I’m not bothered by the scars themselves, though seeing them can bring back memories of hard times. I don’t hate that I have a deep voice and more body hair. My body records what I’ve lived through. The worst damage is out of sight, hidden under my skull, written in my nerves. That’s where self-hatred lives, shame, horror at being a woman, that thing designed to get fucked in as many ways as possible. My skin, my thickened vocal cords can indicate a little of what I’ve felt and thought about myself over the years. I can accept the voice, the thin raised lines and circles on my skin, the beard I shave every few days. It’s the knowledge of what I did to myself and why that’s getting me down. My mind is what hurts the worst and sometimes the pain feels like it’s tearing me apart .
After you learn how to hate yourself, you can learn to hate yourself for hating yourself. I feel ashamed of what I did, like I should’ve been stronger, like trying to destroy myself indicates what a weak fuck-up I am. Look at me, I was so fucked up I didn’t know what I was anymore. What the hell was wrong with me? It’s like before I was numb and now I feel every barb of self-hatred embedded in me. My task before me is to eradicate its presence from my being, learn how to kill what’s been feeding off me for years. I am so tired of hating myself. I want to be able to walk around unencumbered and so I plunge into struggle with myself yet again. How horrible to realize that parts of yourself can be turned against you, that sometimes you got to fight against your own mind because it’s been trained to kill or enslave you. This culture almost managed to fashion my body into a tomb for myself but I refuse to lay down in it. It got into my head far enough that I worked hard to try to follow its rules and obey its standards so I could gain more prestige and power, get treated like a person for once.

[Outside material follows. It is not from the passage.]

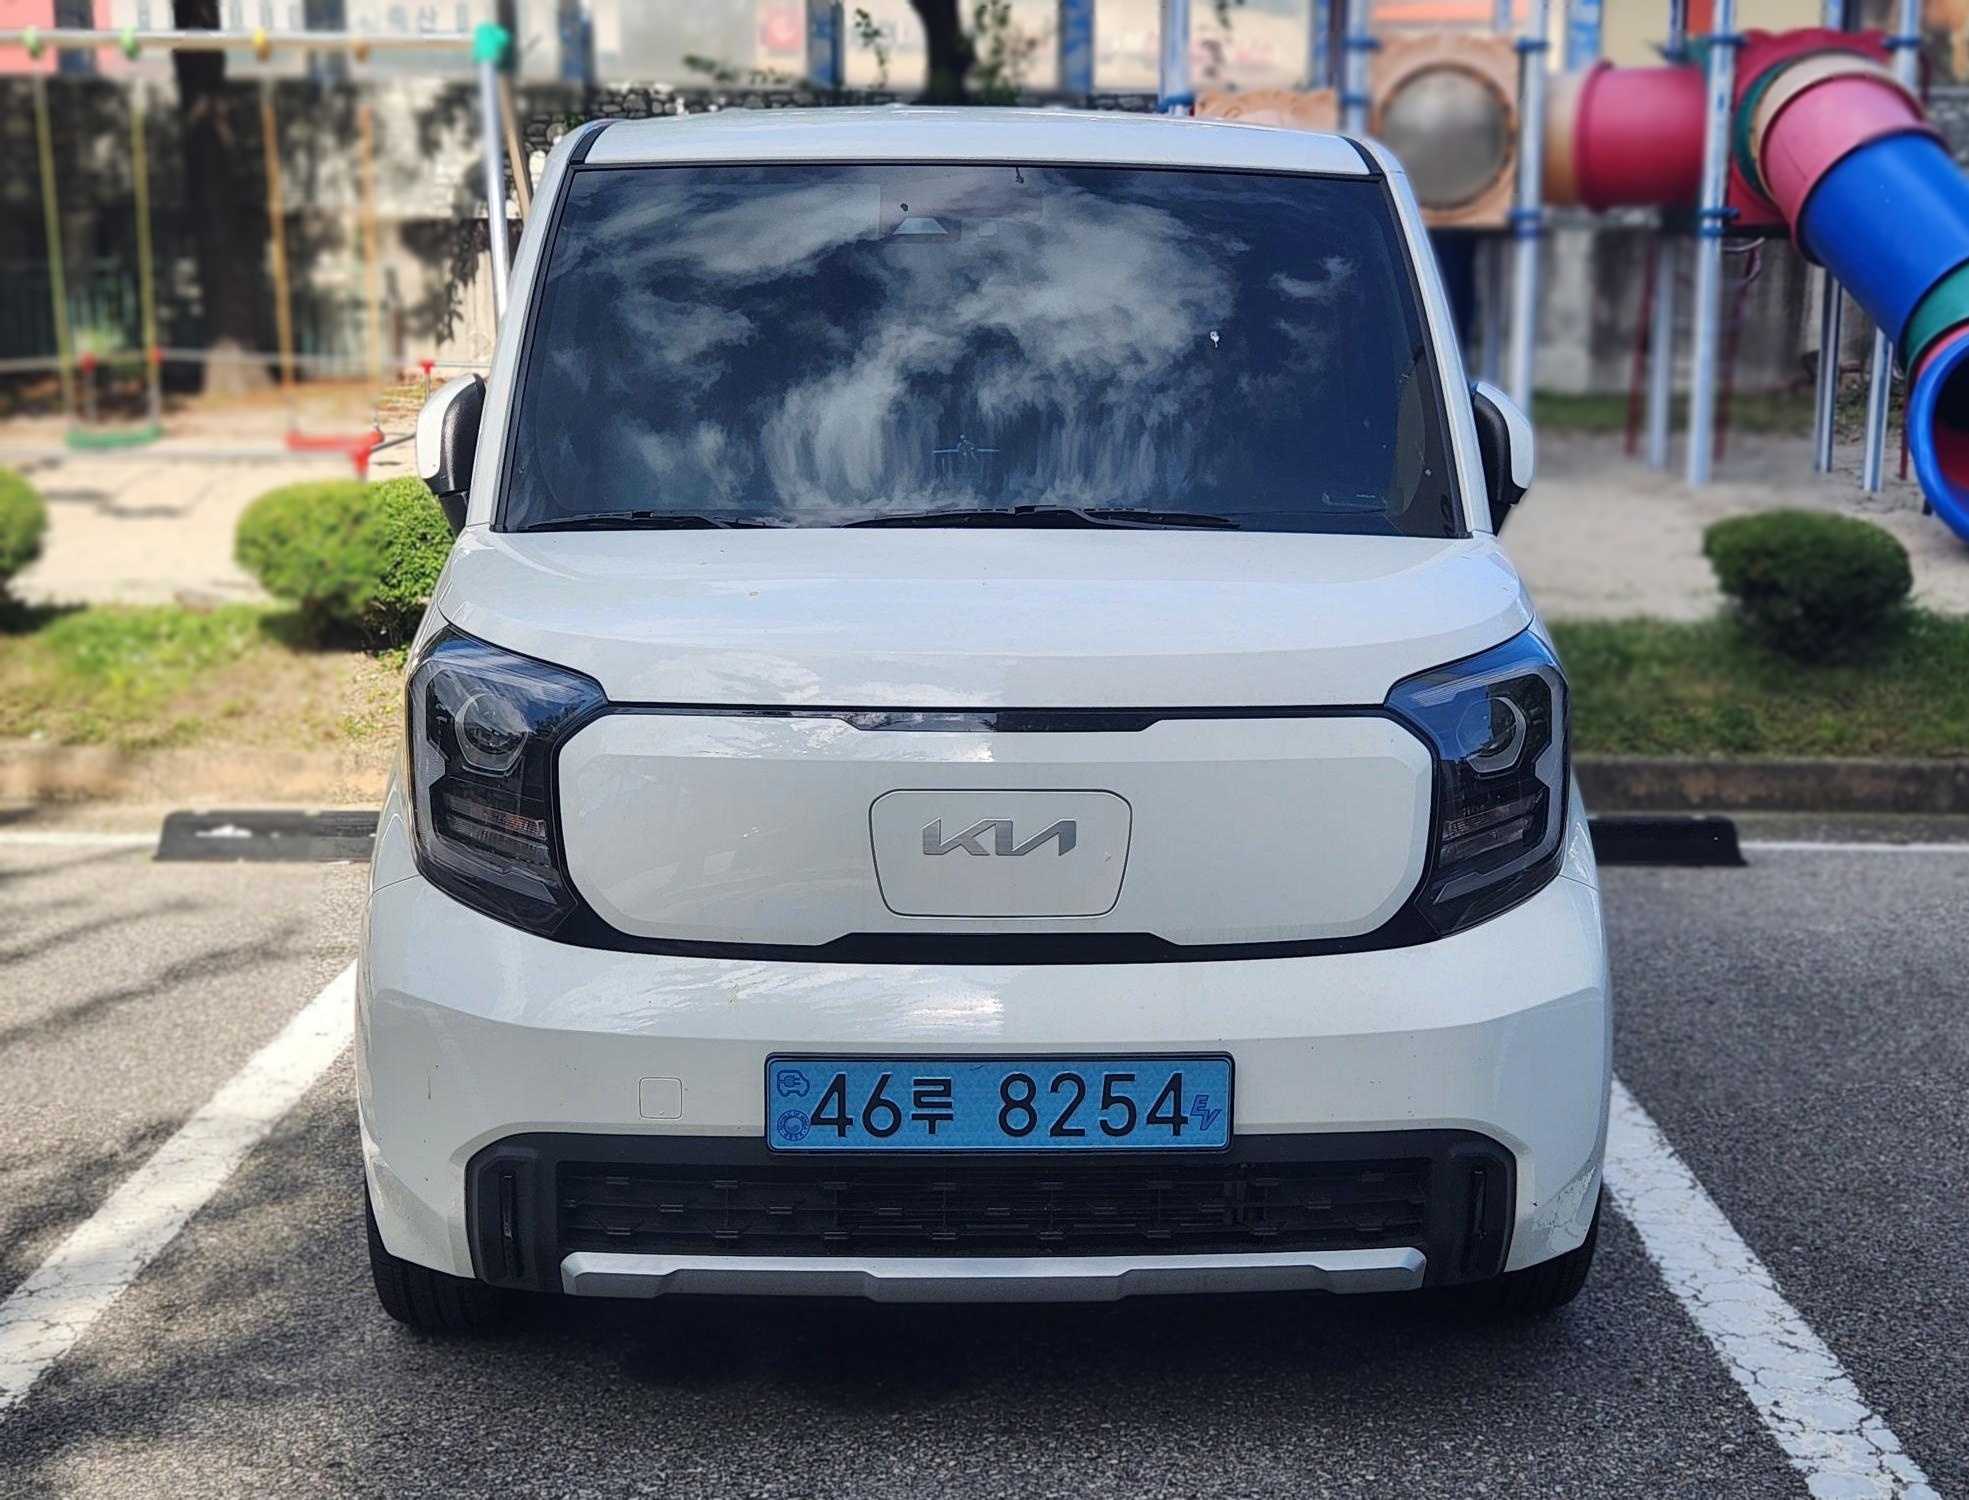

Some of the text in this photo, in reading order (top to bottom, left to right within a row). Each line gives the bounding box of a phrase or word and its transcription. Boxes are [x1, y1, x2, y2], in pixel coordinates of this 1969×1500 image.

[922, 818, 1077, 857] KIA
[809, 1072, 954, 1138] 46루
[998, 1072, 1189, 1138] 8254
[1189, 1094, 1223, 1131] EV

And now I look at what I did in disgust. Of course I feel like shit about it, I’ve been trained that when I’m frustrated with my situation in the world then I’m the one who needs changing, something is wrong with me. But I’m not going to accept that feeling. I’ll sit with it when I need to, I’ll let it have its say and then I’ll escort it to the door. I’ll learn from it but I won’t let it rule me or hang around long. I’ll learn how I came to hate myself and I’ll learn about the world that kindled such feelings in me. I’m learning to direct my rage outside of me at what has hurt me and others like me instead of using it to destroy myself. Anger and hatred can be productive, can motivate creation, bring forth compassion for others who are suffering. I’m pissed off about what happened to me and I’m upset that it’s happening to others and I want to do what I can to help. I want to fight back against this culture of female/woman-hatred. I learned a lot from taking t and living as a man. I know firsthand the difference in how the sex classes are treated, the power trauma has to split a person into parts, how a social political problem can be turned into a personal psychological/medical problem, how rhetoric about “subversion” can mask submitting to the status quo. I paid a lot for that knowledge and now I’m going to use it to become the strongest woman I can be.